*Task requirements*
Please repeat the data below exactly, with the pictures removed.

Source data below:

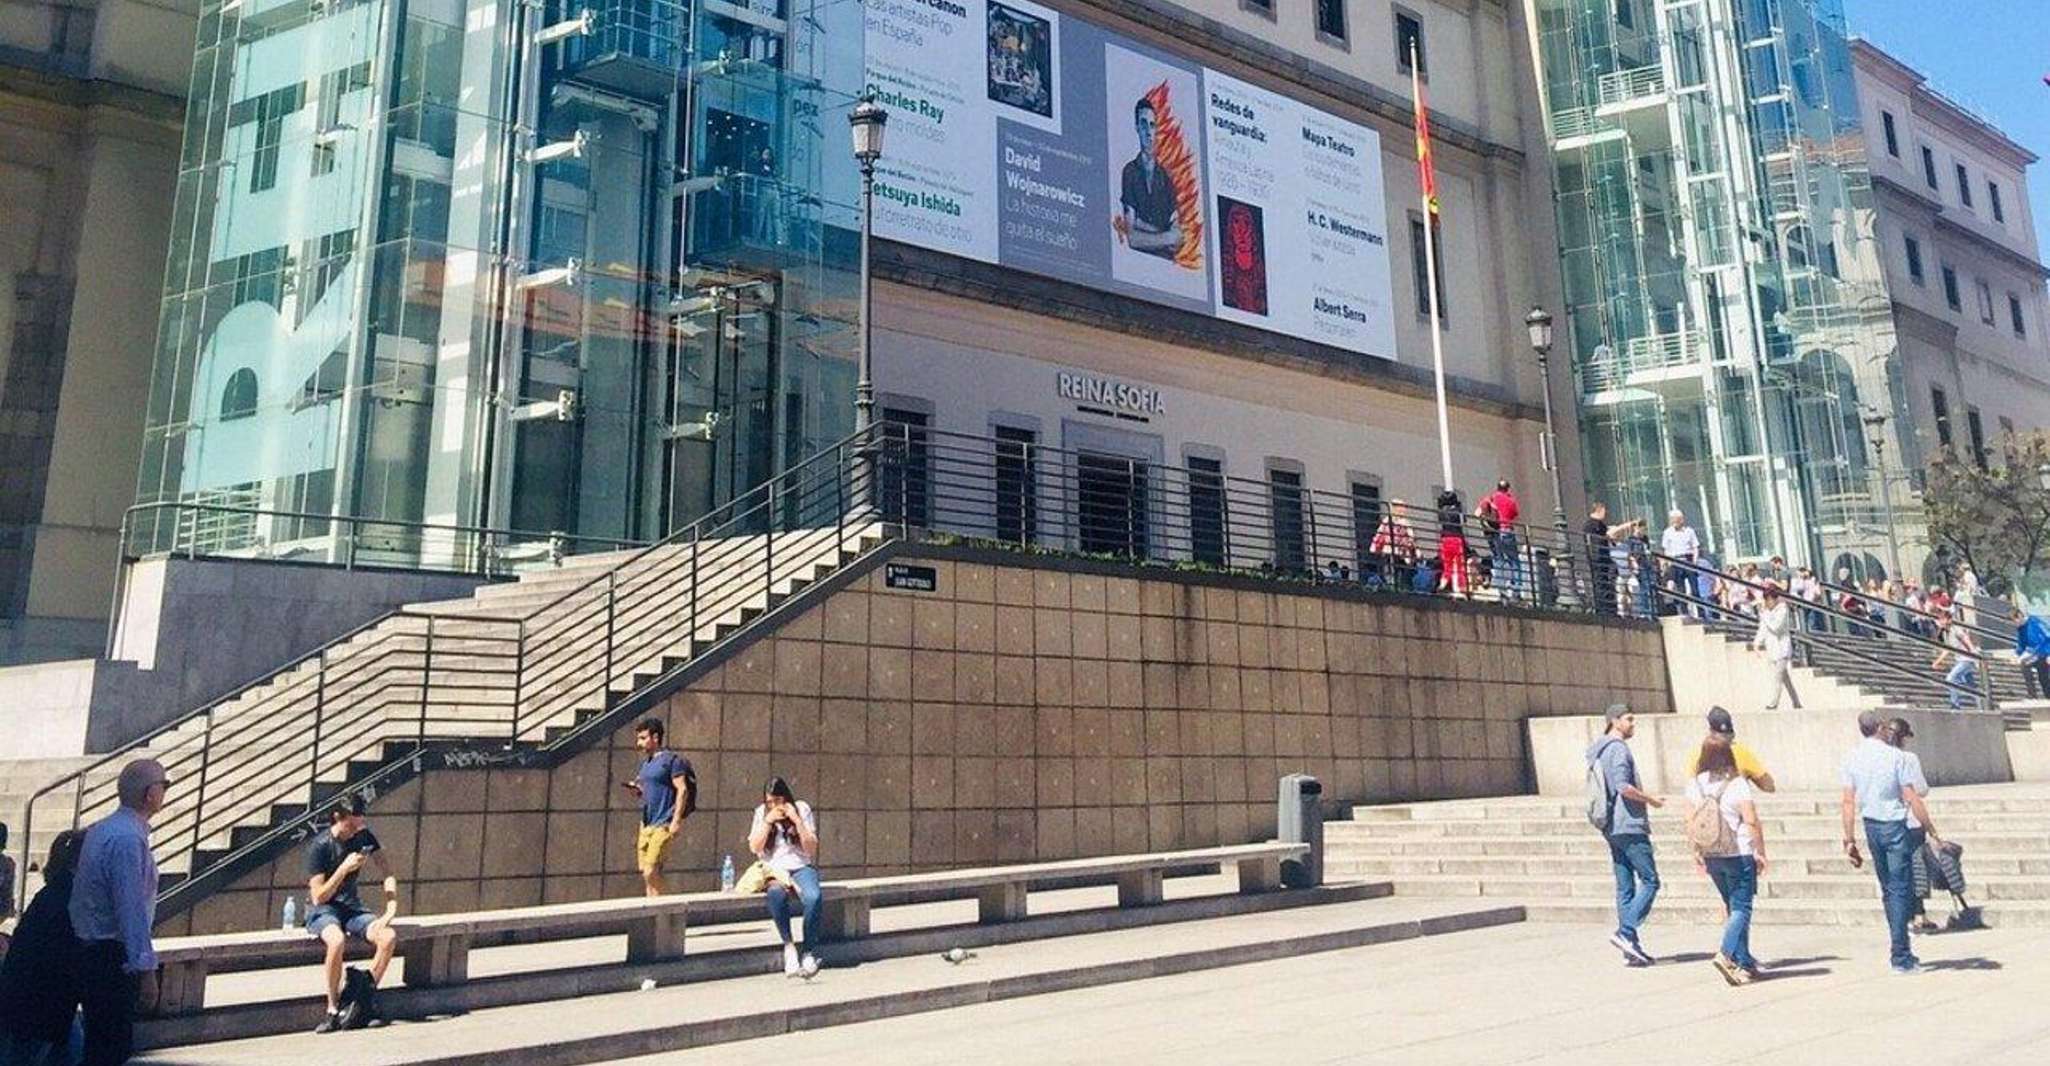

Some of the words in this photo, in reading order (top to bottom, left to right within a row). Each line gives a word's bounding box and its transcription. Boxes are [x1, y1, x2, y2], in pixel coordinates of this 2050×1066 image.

[866, 18, 880, 31] en
[866, 83, 917, 114] Charles
[919, 99, 944, 124] Ray
[1211, 93, 1241, 116] Redes
[1242, 103, 1254, 121] de
[1301, 125, 1326, 148] Mapa
[1327, 134, 1355, 158] Teatro
[1005, 147, 1041, 173] David
[873, 182, 918, 208] etsuya
[921, 191, 961, 217] Ishida
[1005, 171, 1086, 208] Wojnarowicz
[1307, 209, 1318, 226] H.
[1330, 219, 1384, 247] Westermann
[1313, 296, 1342, 317] Albert
[1343, 304, 1367, 324] Serra
[1058, 372, 1115, 405] REINA

End of Source data.

*Solved problem*
Some of the words in this photo, in reading order (top to bottom, left to right within a row). Each line gives a word's bounding box and its transcription. Boxes are [x1, y1, x2, y2], in pixel coordinates of this 2050×1066 image.

[866, 18, 880, 31] en
[866, 83, 917, 114] Charles
[919, 99, 944, 124] Ray
[1211, 93, 1241, 116] Redes
[1242, 103, 1254, 121] de
[1301, 125, 1326, 148] Mapa
[1327, 134, 1355, 158] Teatro
[1005, 147, 1041, 173] David
[873, 182, 918, 208] etsuya
[921, 191, 961, 217] Ishida
[1005, 171, 1086, 208] Wojnarowicz
[1307, 209, 1318, 226] H.
[1330, 219, 1384, 247] Westermann
[1313, 296, 1342, 317] Albert
[1343, 304, 1367, 324] Serra
[1058, 372, 1115, 405] REINA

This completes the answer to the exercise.